- What you should do -
The answer should reproduce every entry exactly and contain no images.

- Source data -
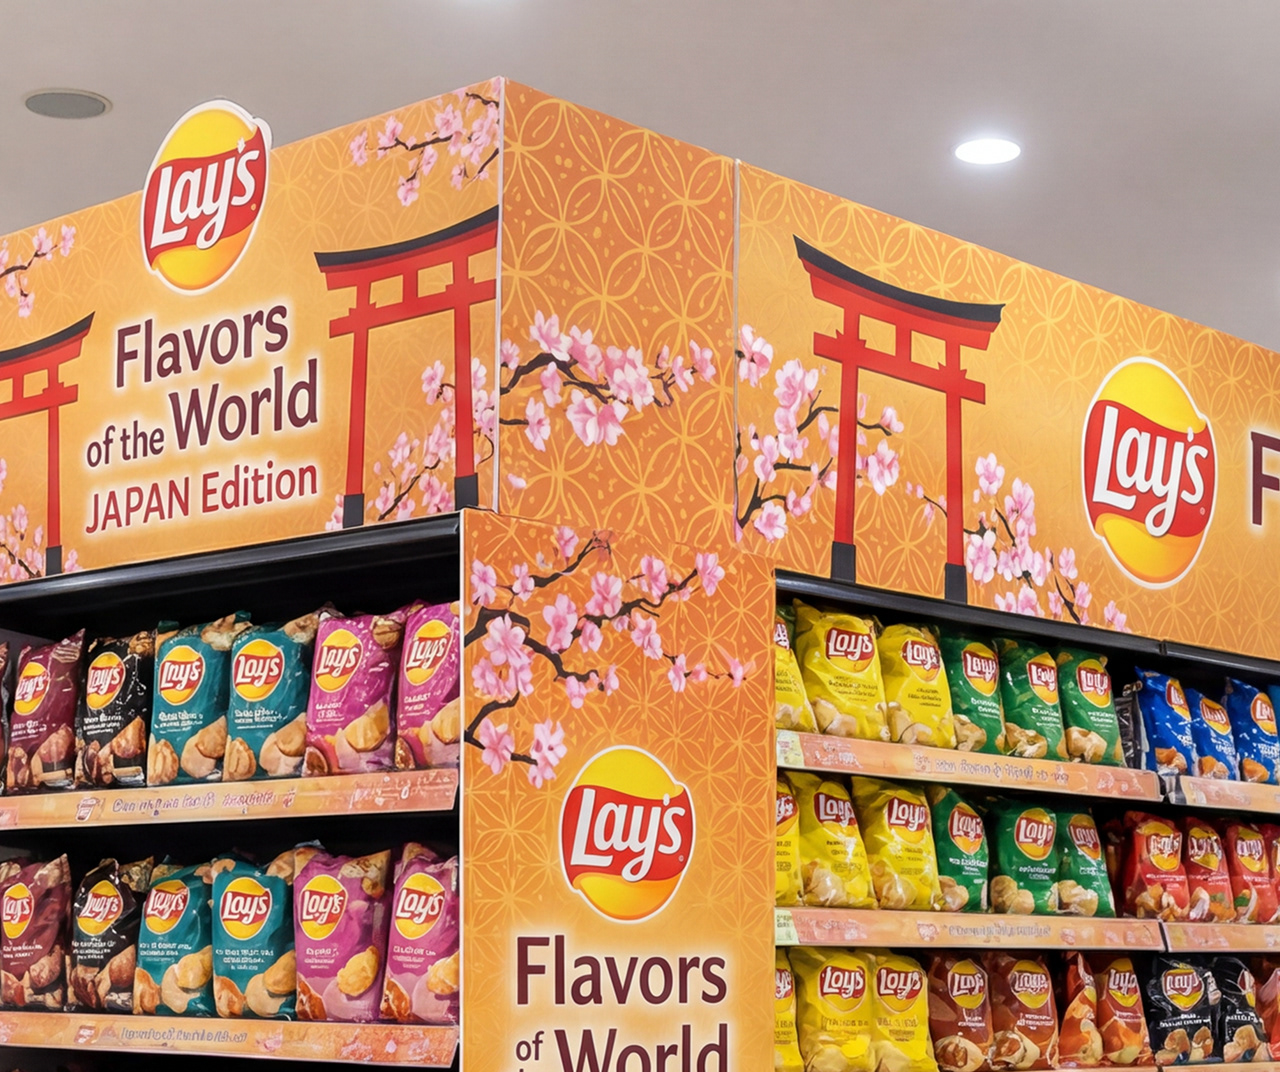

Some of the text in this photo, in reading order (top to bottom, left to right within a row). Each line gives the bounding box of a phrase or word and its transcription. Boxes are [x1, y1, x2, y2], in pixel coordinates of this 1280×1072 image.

[151, 139, 261, 250] Lay's
[116, 305, 288, 388] Flavors
[87, 359, 318, 468] of the World
[86, 465, 317, 533] JAPAN Edition
[1093, 405, 1209, 537] Lay's
[569, 788, 686, 882] Lay's
[517, 934, 727, 1006] Flavors
[516, 1030, 545, 1061] of

- Answer section -
Some of the text in this photo, in reading order (top to bottom, left to right within a row). Each line gives the bounding box of a phrase or word and its transcription. Boxes are [x1, y1, x2, y2], in pixel coordinates of this 1280×1072 image.

[151, 139, 261, 250] Lay's
[116, 305, 288, 388] Flavors
[87, 359, 318, 468] of the World
[86, 465, 317, 533] JAPAN Edition
[1093, 405, 1209, 537] Lay's
[569, 788, 686, 882] Lay's
[517, 934, 727, 1006] Flavors
[516, 1030, 545, 1061] of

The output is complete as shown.